Les cahiers de revendications.

Dans les usines, les cahiers de revendications faisaient peu allusion à d’éventuelles augmentations de salaire. Ce qu’on voulait surtout c’était obtenir des denrées alimentaires ou autres dans l’immédiat
A l’usine Léonard Giot où j’avais commencé mes débuts de tourneur, il n’y avait pas encore de délégation syndicale pourtant l’atmosphère n’y était pas sereine.
Au directeur qui était venu, lui-même, tenir l’assemblée des travailleurs, ceux-ci lui reprochèrent de chauffer sa maison avec deux poêles et d’avoir une table bien garnie. On lui signifia que si on n’obtenait pas de la nourriture et du charbon, ce serait la grève au finish. Celle-ci éclata et dura 8 jours. Ce fut ma première grève. Avec tous mes copains ouvriers, je la fis pour obtenir un kilo de petits pois et 300 kg de charbon qu’on alla chercher à la rue de Châtelet à Marchienne-au-Pont.

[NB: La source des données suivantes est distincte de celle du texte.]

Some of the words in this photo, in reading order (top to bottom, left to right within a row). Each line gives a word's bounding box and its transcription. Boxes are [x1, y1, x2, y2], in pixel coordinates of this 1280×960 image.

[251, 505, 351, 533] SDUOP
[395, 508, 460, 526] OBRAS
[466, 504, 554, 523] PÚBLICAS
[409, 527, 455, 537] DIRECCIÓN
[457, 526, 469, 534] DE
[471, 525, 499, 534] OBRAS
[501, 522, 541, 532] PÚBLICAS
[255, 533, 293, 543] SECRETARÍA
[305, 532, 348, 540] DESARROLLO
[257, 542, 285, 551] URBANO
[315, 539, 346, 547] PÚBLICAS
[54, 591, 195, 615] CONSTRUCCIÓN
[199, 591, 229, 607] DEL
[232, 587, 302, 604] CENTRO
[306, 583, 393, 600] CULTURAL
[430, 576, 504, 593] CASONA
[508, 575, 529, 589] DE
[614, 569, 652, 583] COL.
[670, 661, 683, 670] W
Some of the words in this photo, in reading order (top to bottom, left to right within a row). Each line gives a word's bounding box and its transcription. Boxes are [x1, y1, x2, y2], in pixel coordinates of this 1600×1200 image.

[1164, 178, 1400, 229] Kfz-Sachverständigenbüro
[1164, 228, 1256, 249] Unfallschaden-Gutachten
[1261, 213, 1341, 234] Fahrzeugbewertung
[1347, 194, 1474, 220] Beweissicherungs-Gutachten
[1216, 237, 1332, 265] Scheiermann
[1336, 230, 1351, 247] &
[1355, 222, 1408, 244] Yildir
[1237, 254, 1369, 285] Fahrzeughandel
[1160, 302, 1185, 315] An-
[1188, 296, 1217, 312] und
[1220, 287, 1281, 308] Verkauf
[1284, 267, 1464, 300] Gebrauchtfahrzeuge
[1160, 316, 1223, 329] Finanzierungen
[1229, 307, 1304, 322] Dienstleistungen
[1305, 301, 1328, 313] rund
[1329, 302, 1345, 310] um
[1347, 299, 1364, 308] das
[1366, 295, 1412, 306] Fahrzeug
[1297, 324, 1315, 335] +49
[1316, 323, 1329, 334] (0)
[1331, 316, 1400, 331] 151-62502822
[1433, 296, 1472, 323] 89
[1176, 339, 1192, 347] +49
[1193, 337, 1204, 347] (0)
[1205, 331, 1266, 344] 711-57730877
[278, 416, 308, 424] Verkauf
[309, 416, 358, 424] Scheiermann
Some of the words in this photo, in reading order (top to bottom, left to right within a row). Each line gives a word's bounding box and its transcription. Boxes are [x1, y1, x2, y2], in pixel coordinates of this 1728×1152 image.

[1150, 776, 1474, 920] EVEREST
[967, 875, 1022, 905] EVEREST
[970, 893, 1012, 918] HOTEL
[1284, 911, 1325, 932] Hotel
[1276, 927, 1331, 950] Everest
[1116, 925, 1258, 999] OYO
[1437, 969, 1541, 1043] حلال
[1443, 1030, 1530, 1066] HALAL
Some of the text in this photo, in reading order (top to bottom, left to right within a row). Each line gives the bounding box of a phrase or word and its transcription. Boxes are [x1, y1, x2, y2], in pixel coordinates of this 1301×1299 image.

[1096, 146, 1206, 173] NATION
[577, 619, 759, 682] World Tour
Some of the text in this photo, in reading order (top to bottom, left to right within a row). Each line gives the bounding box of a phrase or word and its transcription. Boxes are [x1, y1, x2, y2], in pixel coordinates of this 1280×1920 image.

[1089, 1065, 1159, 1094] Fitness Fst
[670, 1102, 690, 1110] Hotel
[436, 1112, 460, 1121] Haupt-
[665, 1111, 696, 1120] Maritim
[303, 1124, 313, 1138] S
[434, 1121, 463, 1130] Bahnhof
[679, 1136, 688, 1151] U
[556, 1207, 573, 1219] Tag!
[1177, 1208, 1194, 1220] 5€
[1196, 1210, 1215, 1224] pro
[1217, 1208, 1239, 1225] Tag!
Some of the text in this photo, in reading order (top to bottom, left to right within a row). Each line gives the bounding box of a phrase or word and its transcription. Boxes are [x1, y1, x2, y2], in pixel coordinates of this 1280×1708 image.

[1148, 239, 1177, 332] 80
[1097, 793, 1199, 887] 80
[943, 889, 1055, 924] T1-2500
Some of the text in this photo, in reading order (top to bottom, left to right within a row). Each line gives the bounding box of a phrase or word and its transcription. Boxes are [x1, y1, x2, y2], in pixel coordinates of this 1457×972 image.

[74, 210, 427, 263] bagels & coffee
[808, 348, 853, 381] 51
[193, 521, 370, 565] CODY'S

Aux ACEC, ce sont 20 grains de café que l’on nous comptait un par un lors de la paie. Ce sont aussi des pommes de terre puis des oignons qu’on allait chercher au local B situé à l’entrée de l’usine. Pour ceux qui le désiraient des parcelles de terre étaient distribuées afin d’y créer un potager. Les semis des légumes à repiquer se faisaient même dans des cassettes à l’intérieur de l’usine.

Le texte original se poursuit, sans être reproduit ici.